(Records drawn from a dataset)
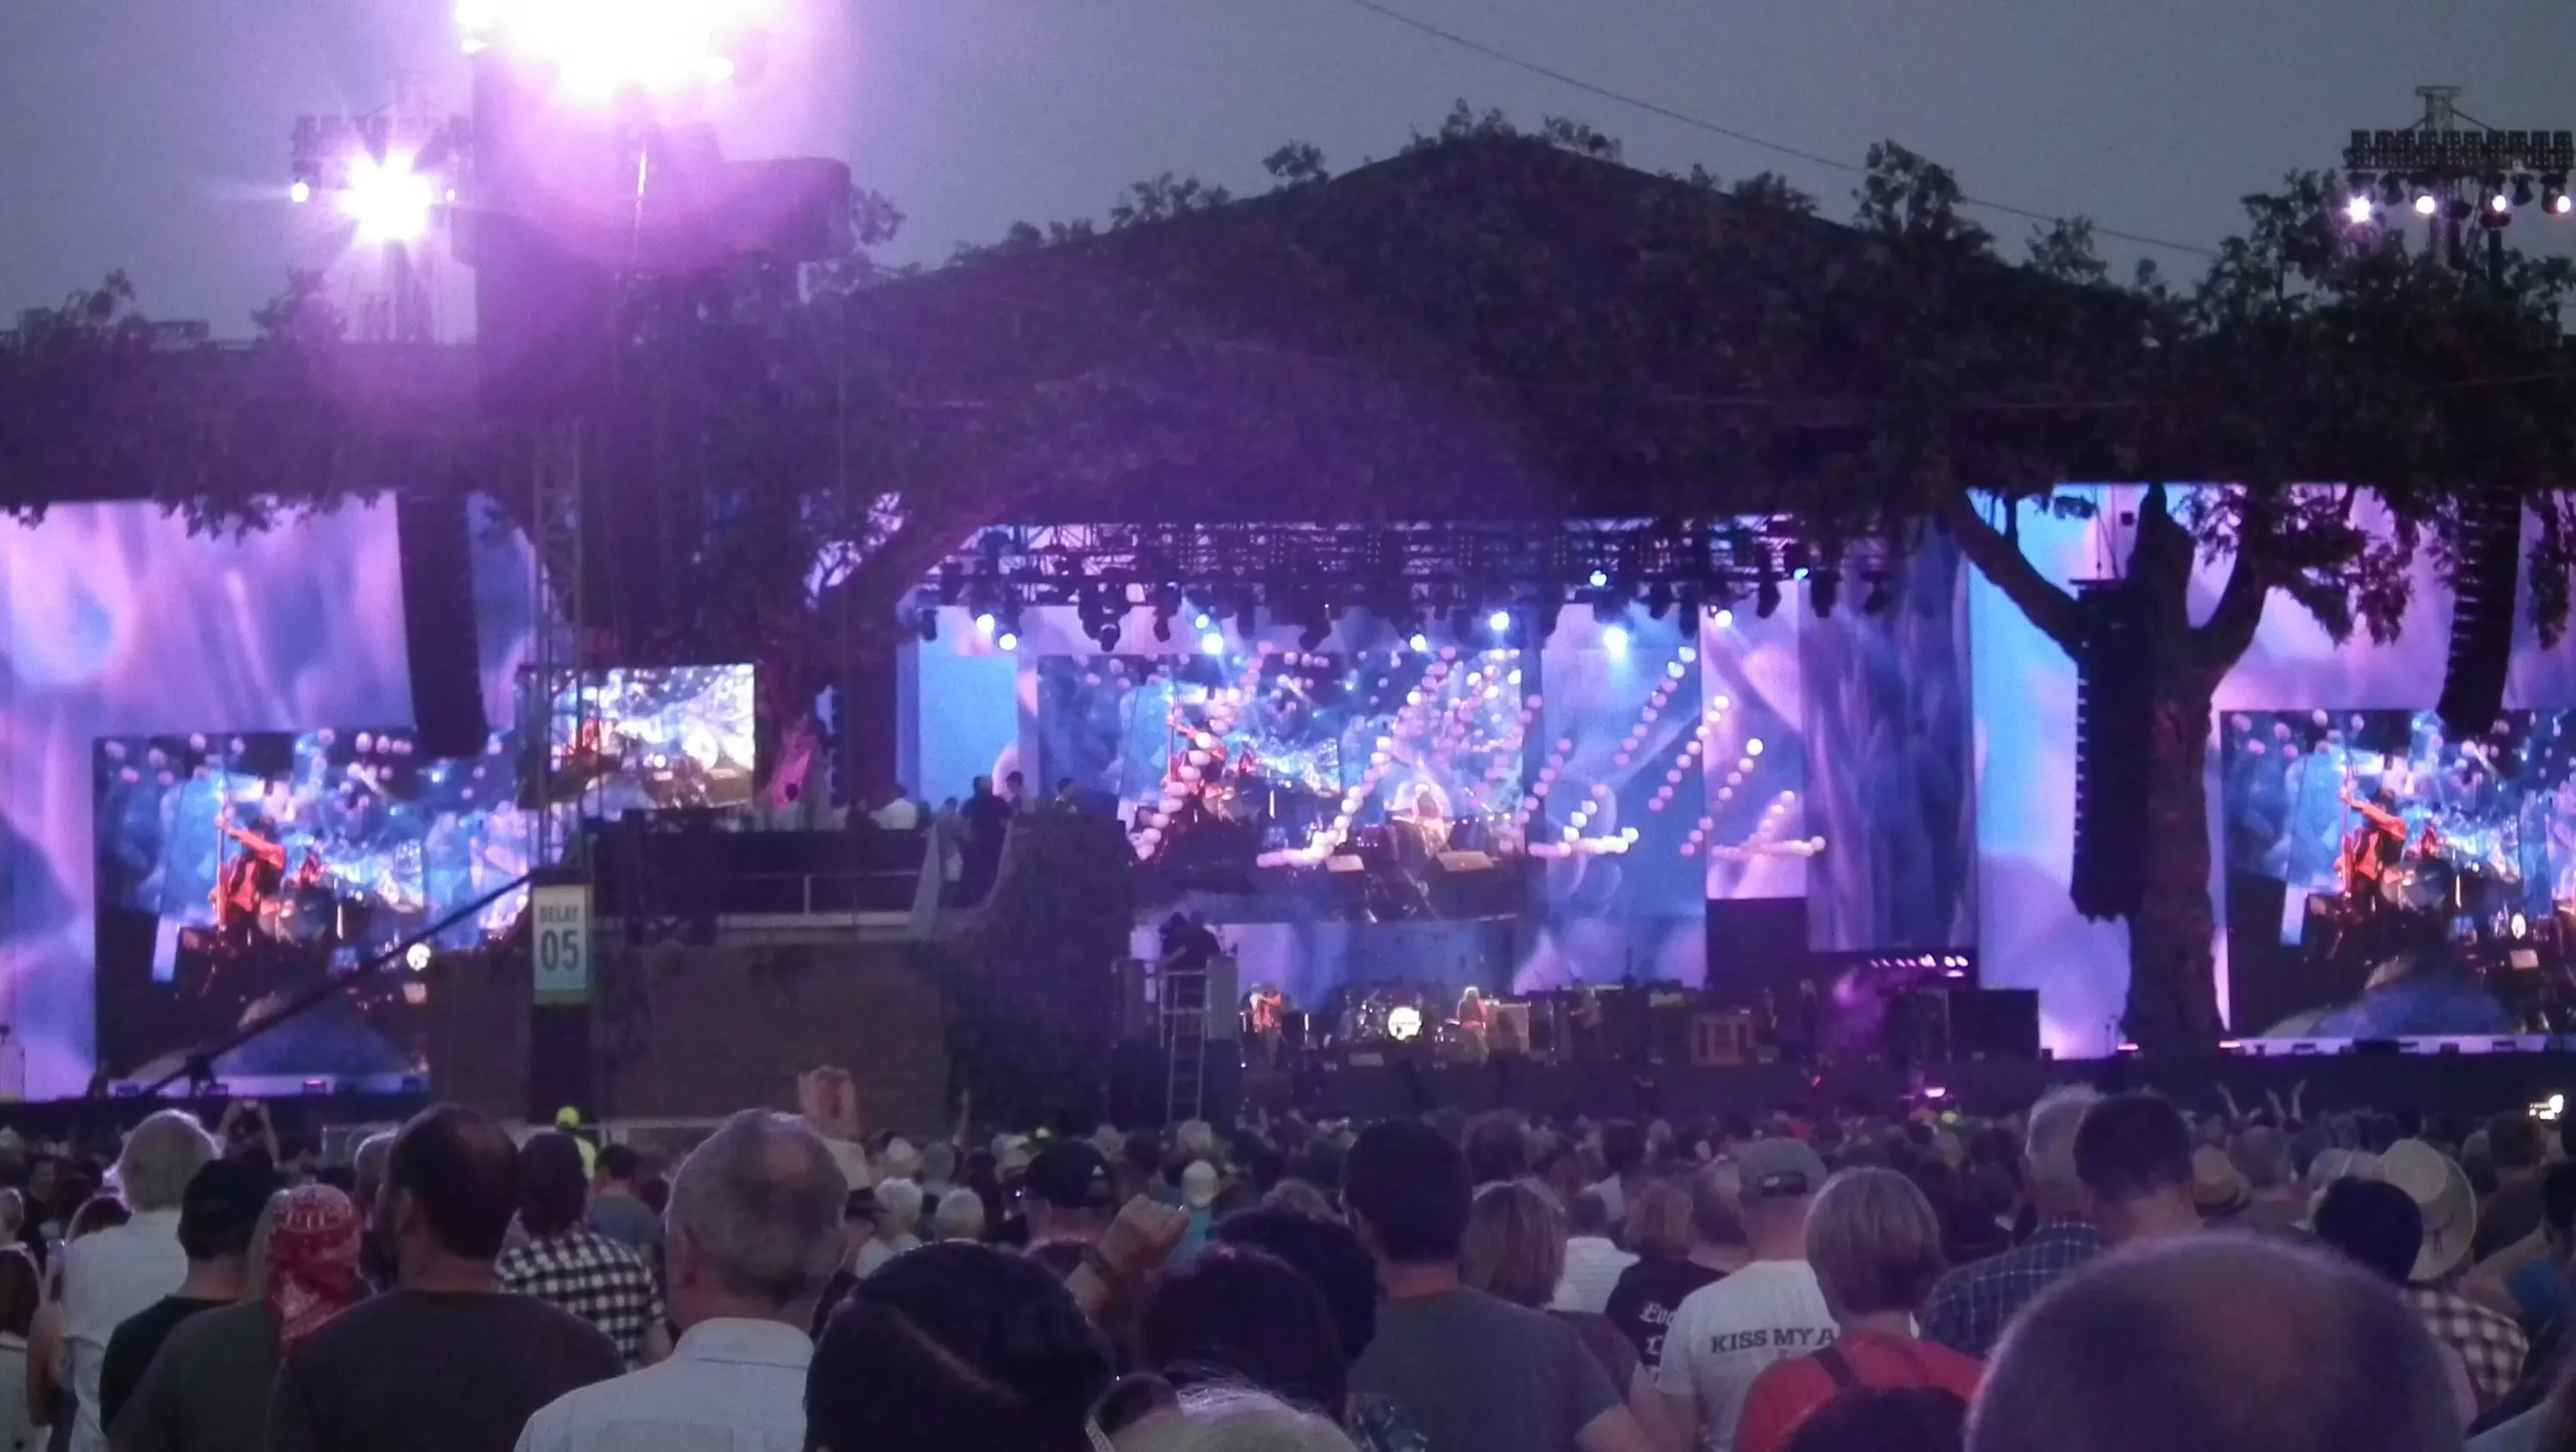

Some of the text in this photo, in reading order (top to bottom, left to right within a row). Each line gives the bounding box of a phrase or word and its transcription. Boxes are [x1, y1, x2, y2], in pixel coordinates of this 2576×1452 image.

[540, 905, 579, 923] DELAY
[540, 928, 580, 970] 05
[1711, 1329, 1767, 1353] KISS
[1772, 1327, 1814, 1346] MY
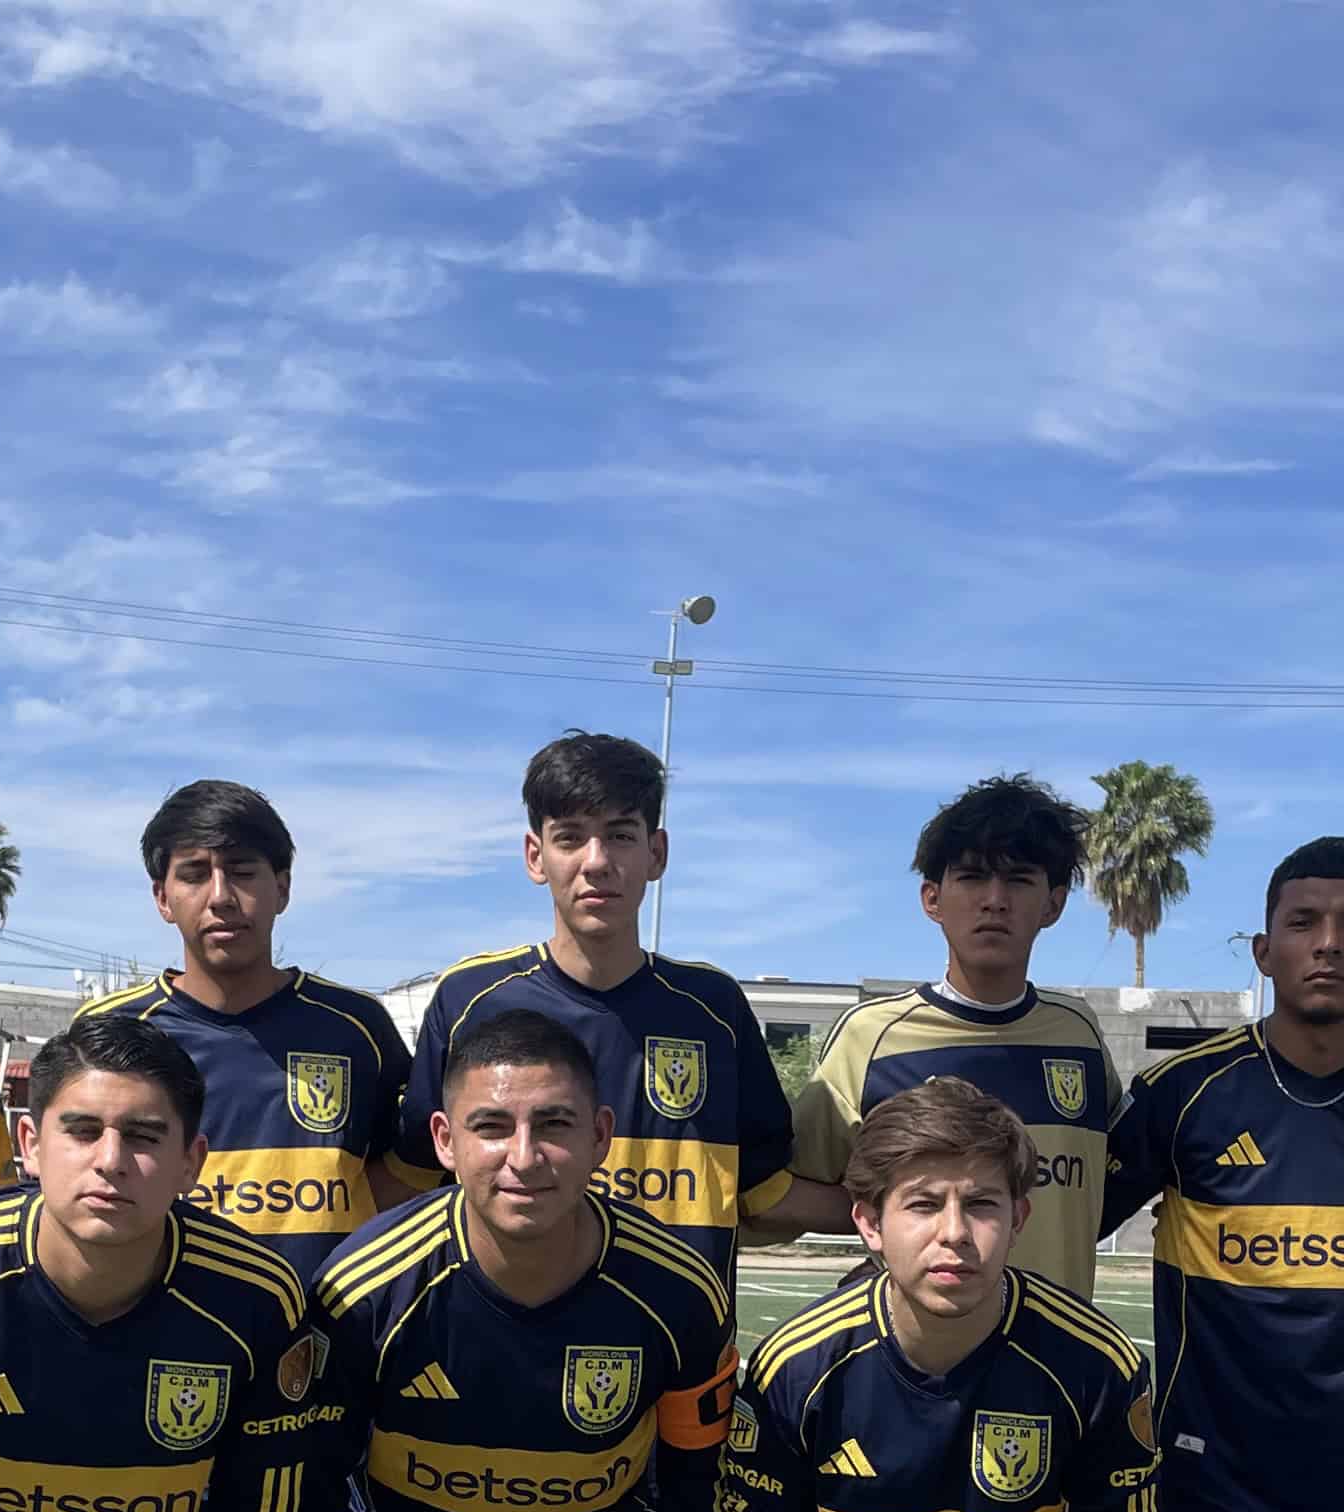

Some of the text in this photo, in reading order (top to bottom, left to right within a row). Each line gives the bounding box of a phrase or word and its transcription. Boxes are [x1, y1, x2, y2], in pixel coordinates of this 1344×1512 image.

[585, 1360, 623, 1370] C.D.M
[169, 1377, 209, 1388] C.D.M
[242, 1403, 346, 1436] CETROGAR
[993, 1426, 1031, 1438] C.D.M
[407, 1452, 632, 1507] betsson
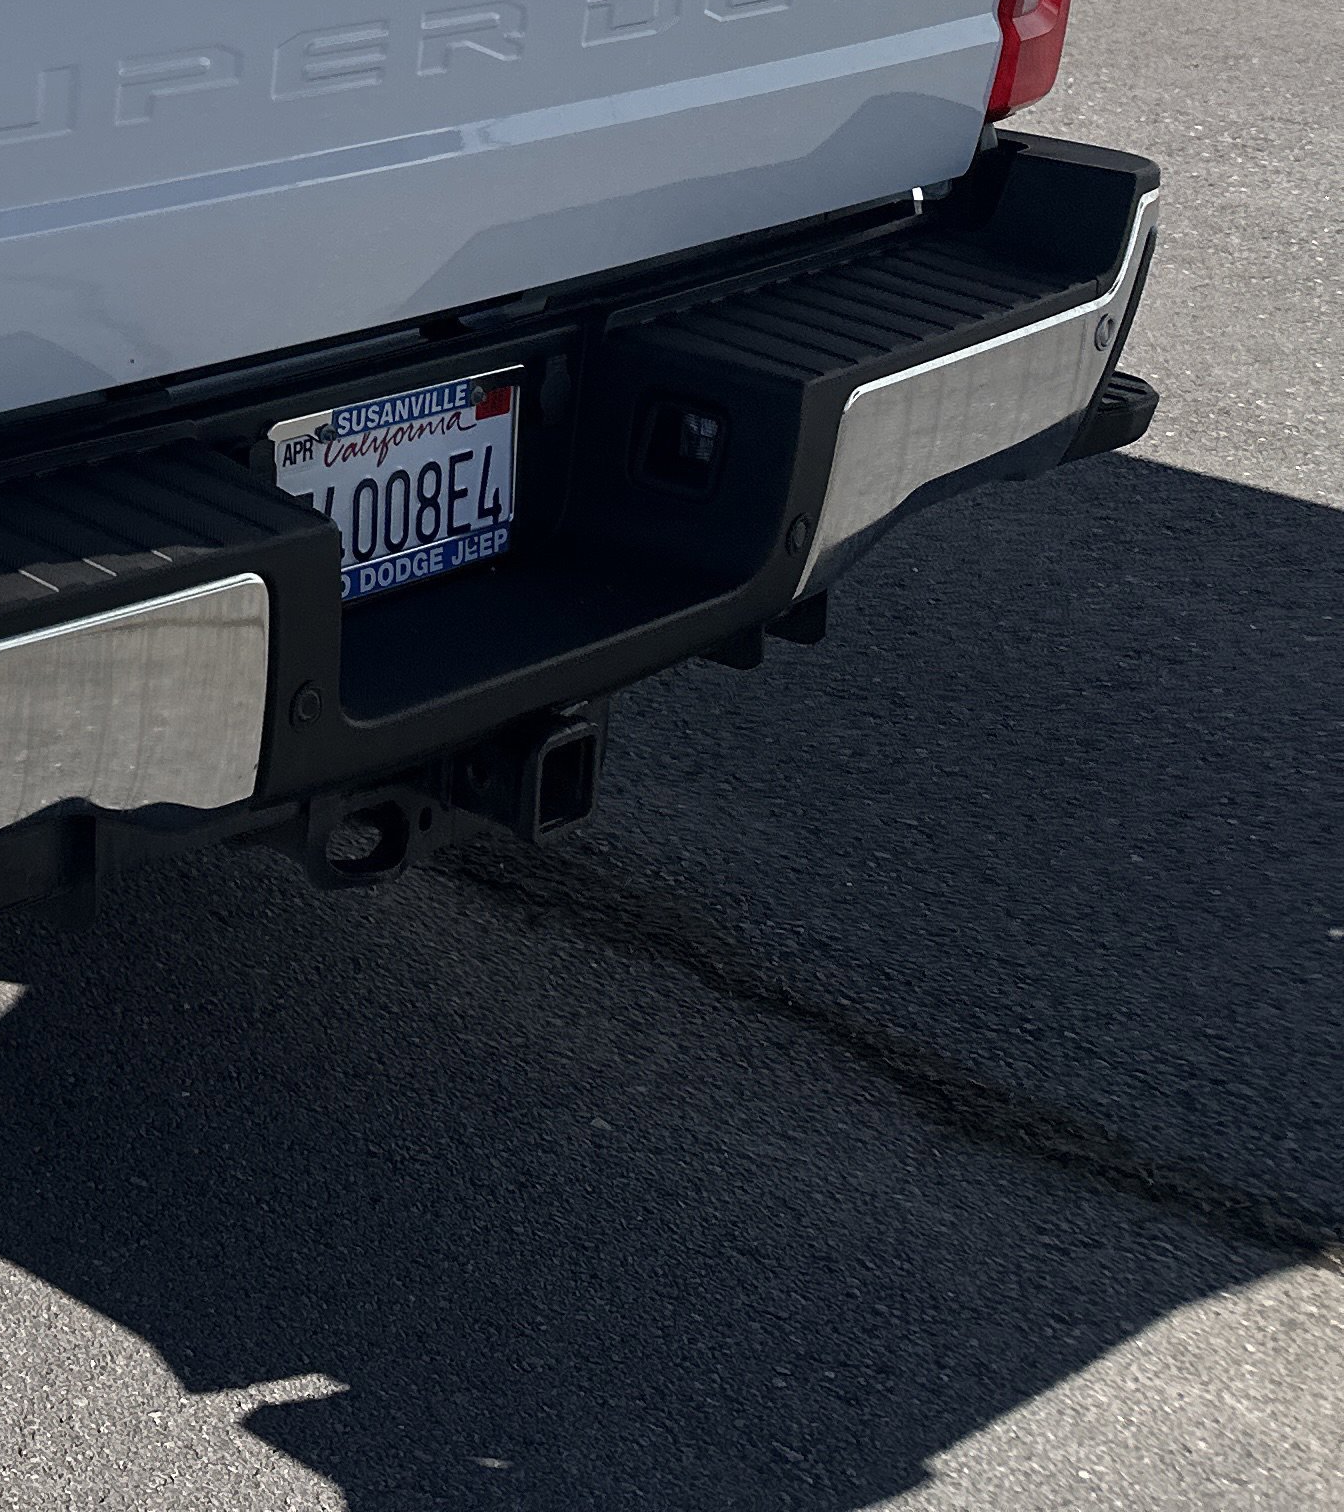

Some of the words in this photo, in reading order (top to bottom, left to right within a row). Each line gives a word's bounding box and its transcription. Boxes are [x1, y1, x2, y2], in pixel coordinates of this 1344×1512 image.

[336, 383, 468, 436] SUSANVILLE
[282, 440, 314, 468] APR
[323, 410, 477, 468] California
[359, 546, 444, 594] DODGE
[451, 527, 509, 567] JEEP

- About this task
From the line containing "Some of the words" through the last line of the records, output each line exactly and nothing more.

- Response area
Some of the words in this photo, in reading order (top to bottom, left to right within a row). Each line gives a word's bounding box and its transcription. Boxes are [x1, y1, x2, y2], in pixel coordinates of this 1344×1512 image.

[336, 383, 468, 436] SUSANVILLE
[282, 440, 314, 468] APR
[323, 410, 477, 468] California
[359, 546, 444, 594] DODGE
[451, 527, 509, 567] JEEP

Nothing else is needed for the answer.